West Iberian is a branch of the Ibero-Romance languages that includes the Castilian languages (Spanish, Judaeo-Spanish, Extremaduran (sometimes) and Loreto-Ucayali), Astur-Leonese (Asturian, Leonese, Mirandese, Extremaduran (sometimes) and Cantabrian), and the descendants of Galician-Portuguese (Portuguese, Galician, Eonavian, Fala, Minderico, Cafundó, and Judaeo-Portuguese). Pyrenean–Mozarabic (Aragonese and Mozarabic) may also be included.

Until a few centuries ago, they formed a dialect continuum covering the western, central and southern parts of the Iberian Peninsula—excepting the Basque and Catalan-speaking territories. This is still the situation in a few regions, particularly in the northern part of the peninsula, but due to the differing sociopolitical histories of these languages (independence of Portugal since the early 12th century, unification of Spain in the late 15th century under the Catholic Monarchs, who privileged Castilian Spanish over the other Iberian languages), Spanish and Portuguese have tended to overtake and to a large extent absorb their sister languages while they kept diverging from each other.
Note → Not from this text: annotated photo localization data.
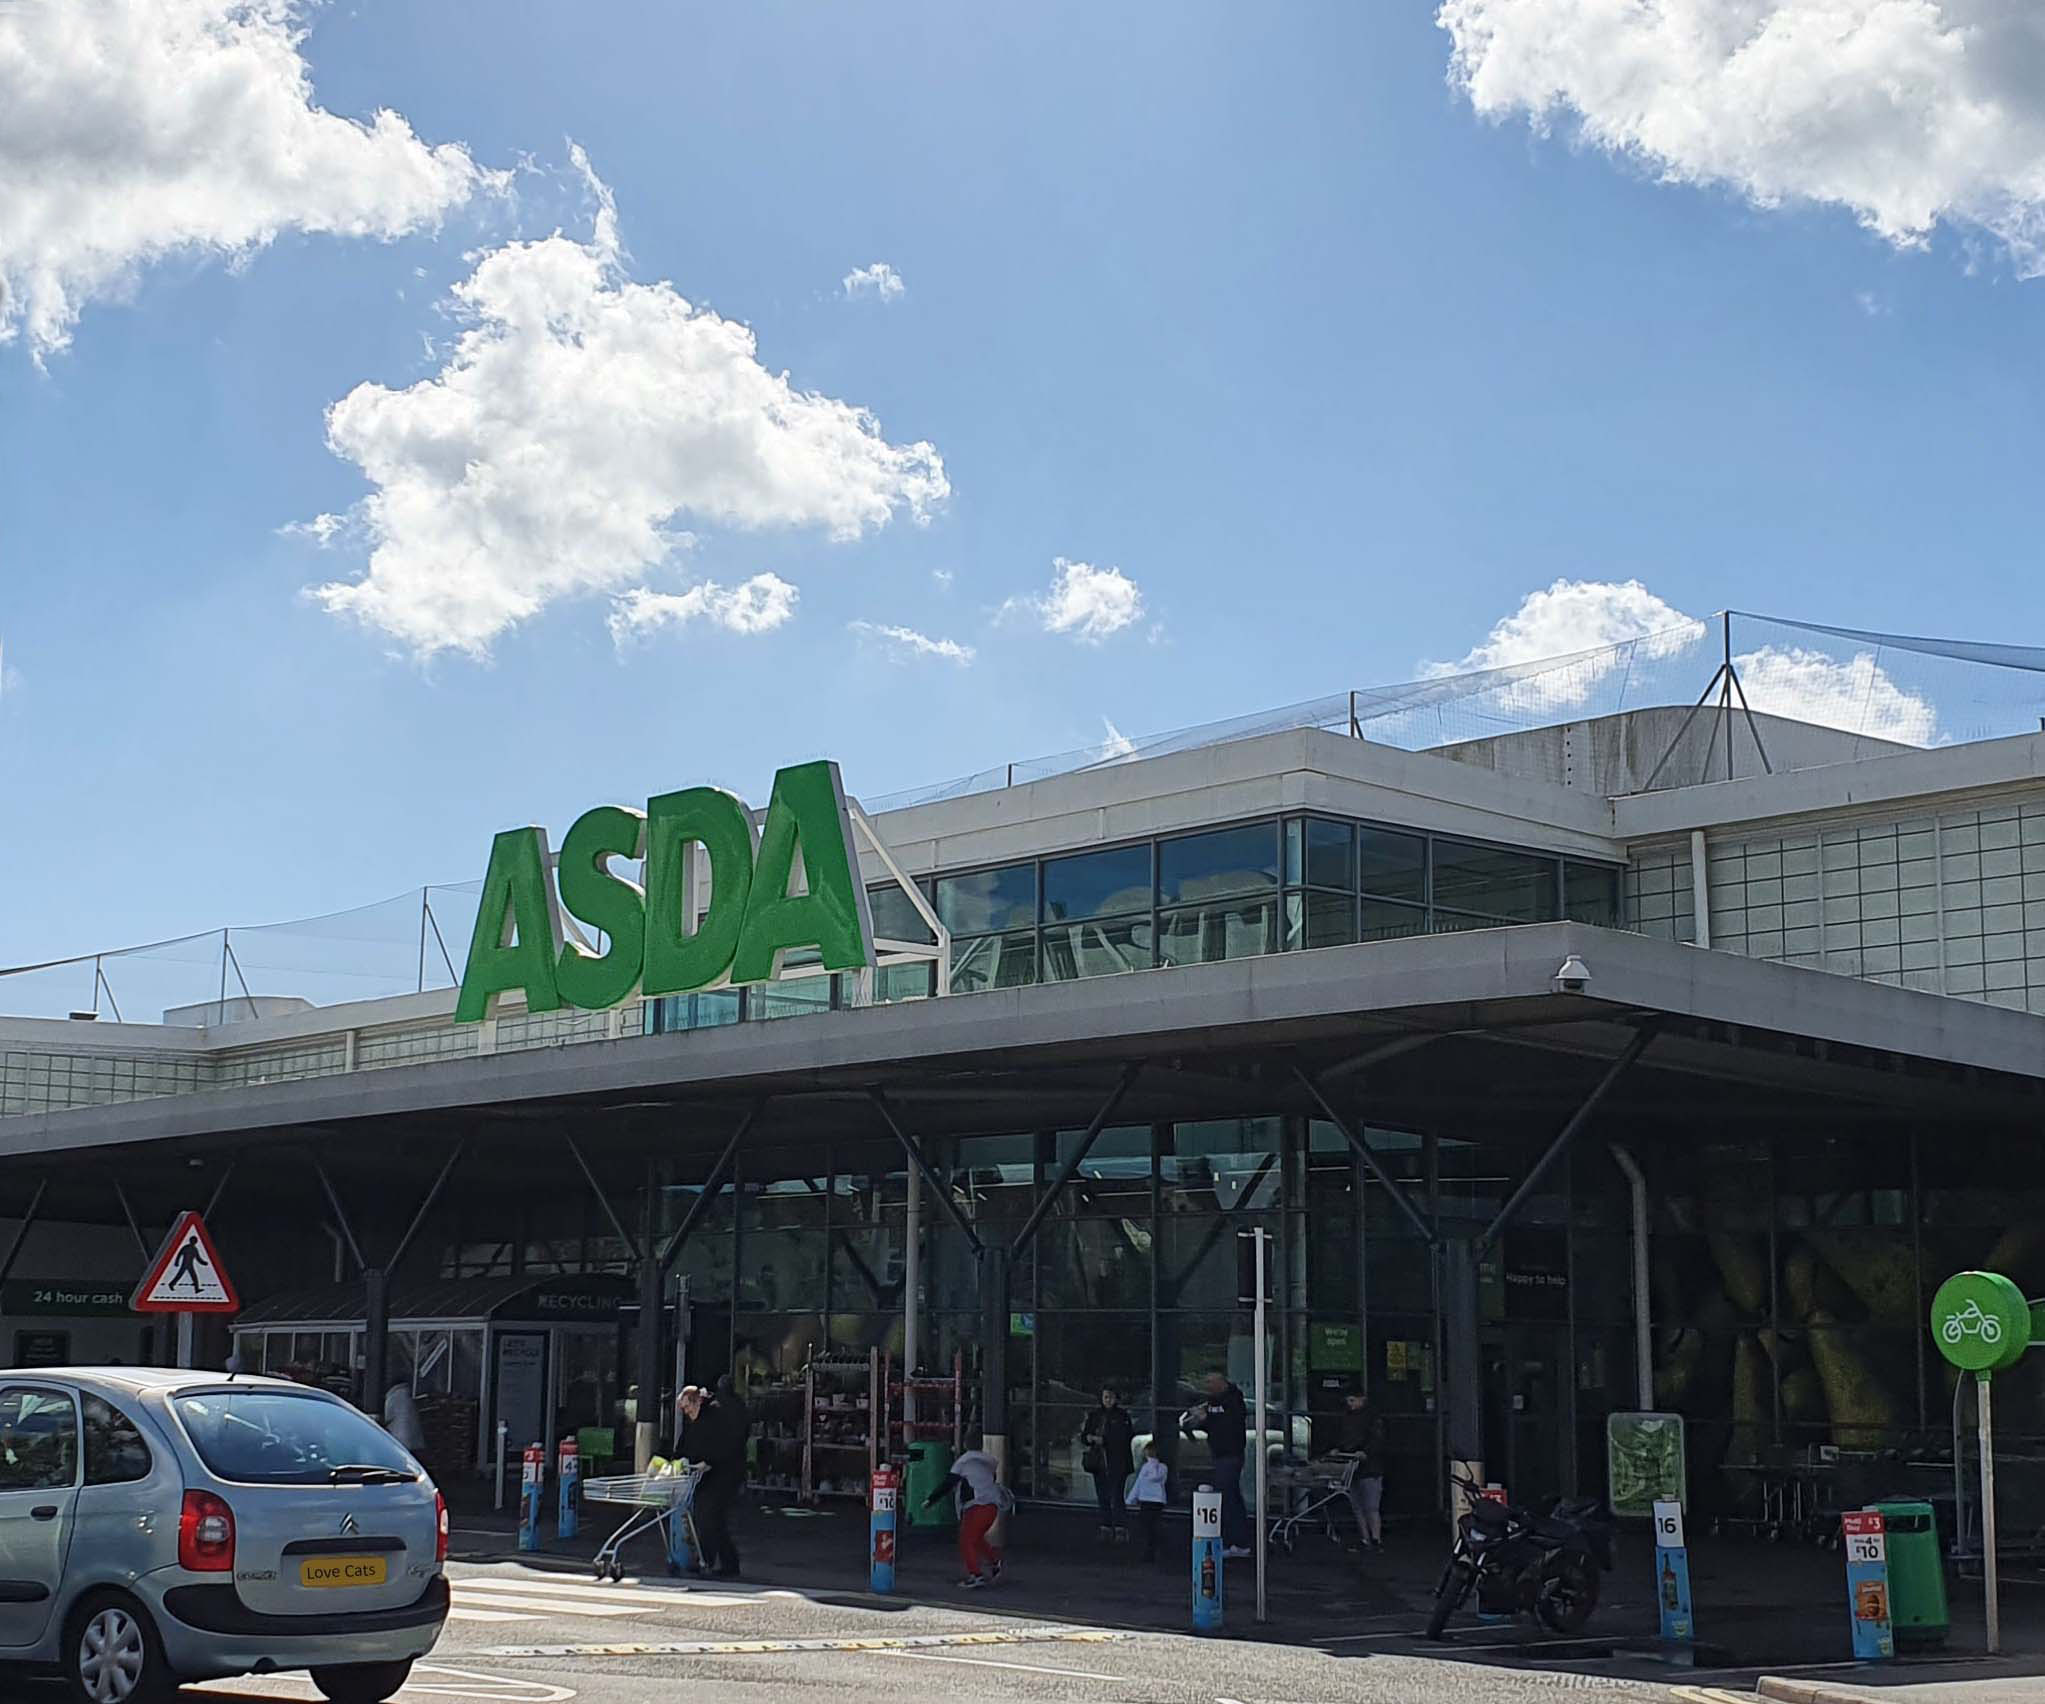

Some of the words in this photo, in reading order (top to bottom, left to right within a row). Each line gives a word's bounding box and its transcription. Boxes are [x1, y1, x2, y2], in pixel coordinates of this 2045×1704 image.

[454, 760, 872, 1023] ASDA
[33, 1290, 52, 1303] 24
[56, 1292, 89, 1304] hour
[91, 1293, 123, 1304] cash
[1658, 1517, 1677, 1534] 16
[306, 1565, 341, 1580] Love
[344, 1563, 376, 1578] Cats
There is controversy over whether the members of the modern Galician-Portuguese and Astur-Leonese sub-groups are languages or dialects. A common, though disputed, classification is to state that Portuguese and Galician are separate languages, as are Asturian, Leonese, and Mirandese. Cantabrian and Extremaduran are considered codialects of the Leonese language for UNESCO, whereas the latter is a Castilian dialect in the ISO codes.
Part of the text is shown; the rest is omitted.